- Specialty: Physical therapy

= Natural apophyseal glides =

Spinal physical therapy treatment technique

Natural apophyseal glides (NAGS) refers to a spinal physical therapy treatment technique developed by Brian Mulligan.

==Technique==
NAGS involves a mid- to end-range facet joint mobilisation applied anterocranially along the plane of treatment within the desired joint, combined with a small amount of manual traction. The purpose of this treatment is to increase movement within the spine, and decrease symptomatic pain.

==Sustained natural apophyseal glides==
Sustained natural apophyseal glides (SNAGS) are a separate technique involving a combination of a sustained facet glide with active motion, which is then followed by overpressure.

==Clinical evidence==
A 2010 study concluded that whilst both NAGS and SNAGS showed signs of effectiveness, SNAGS demonstrated greater statistically significant efficacy over NAGS in reducing pain and disability in subjects with chronic neck pain.
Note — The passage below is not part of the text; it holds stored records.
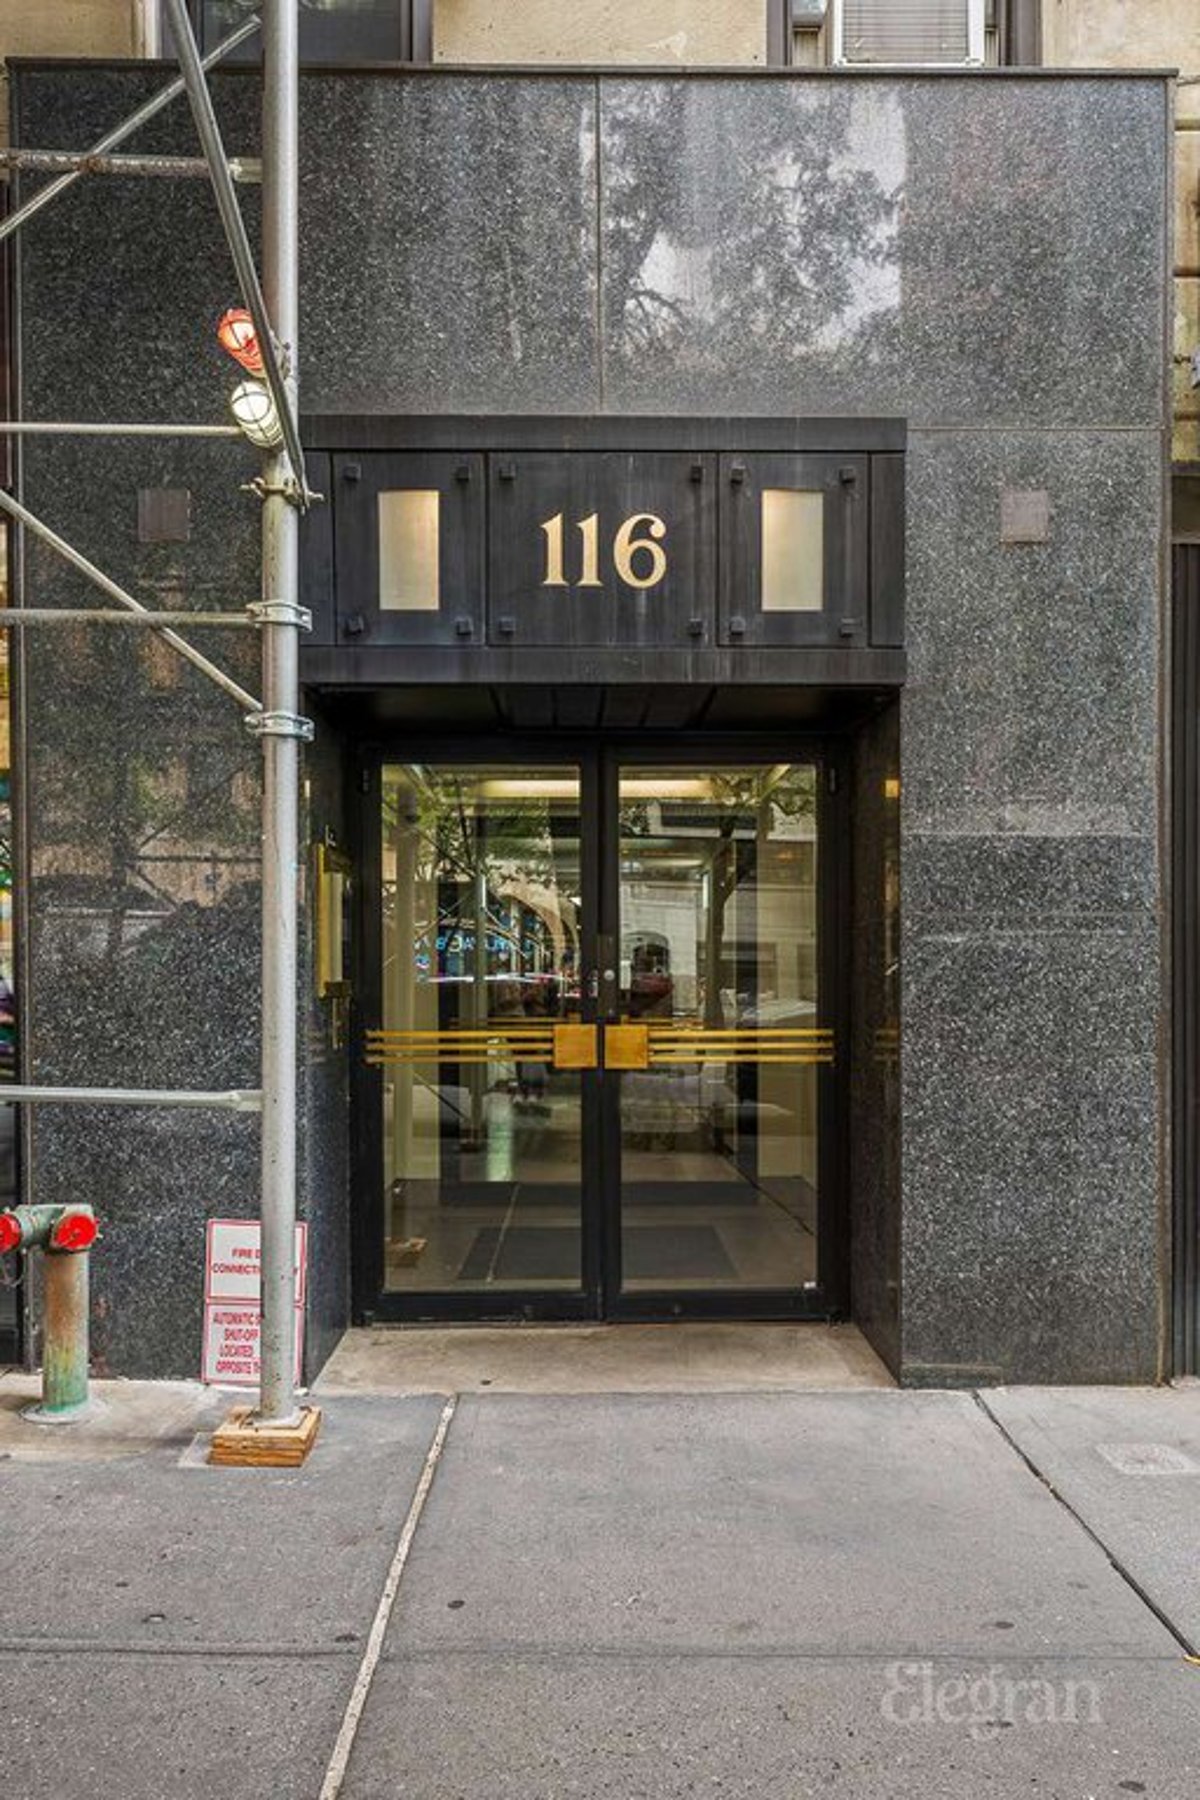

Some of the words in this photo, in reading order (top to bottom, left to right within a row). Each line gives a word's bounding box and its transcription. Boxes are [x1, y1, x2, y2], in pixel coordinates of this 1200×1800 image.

[540, 512, 667, 589] 116
[232, 1248, 252, 1258] FIRE
[213, 1312, 254, 1325] AUTOMATIC
[219, 1344, 253, 1358] LOCATED
[215, 1360, 252, 1375] OPPOSITE
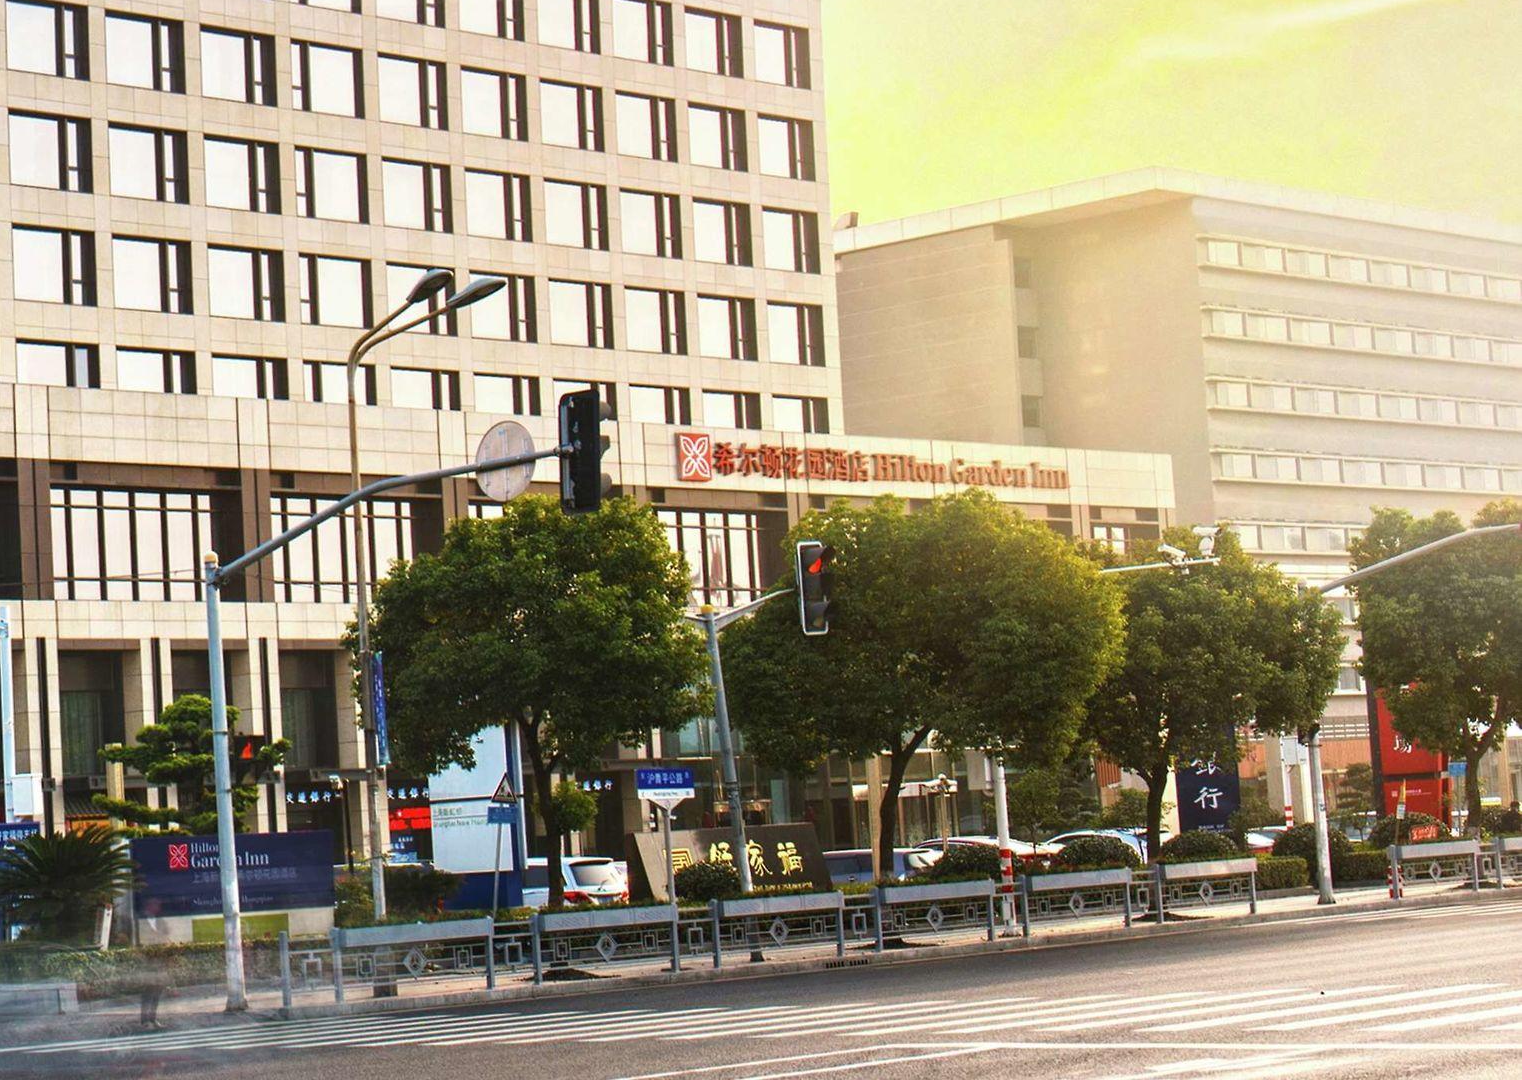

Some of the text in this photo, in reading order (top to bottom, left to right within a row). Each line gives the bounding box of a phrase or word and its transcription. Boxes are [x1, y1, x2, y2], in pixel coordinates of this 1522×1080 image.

Another study suggested that Mulligan's mobilisation (i.e. NAGS and SNAGS), Maitland's mobilisation and the McKenzie approach were all effective in relieving pain and improving range of motion in cases of chronic cervical spondylosis with unilateral radiculopathy.

A 2008 randomised controlled trial by Reid et al. suggested a statistically significant correlation between SNAGS treatment and reduced dizziness, cervical pain and disability caused by cervical dysfunction, whilst another randomised controlled trial in 2007 by Hall et al. suggested that a self-sustained C1-C2 SNAG technique was effective in managing cervicogenic headache. A 2008 study by Moutzouri et al. suggested that SNAG mobilisation did not demonstrate significant effectiveness to increase the range of motion in patients with low back pain.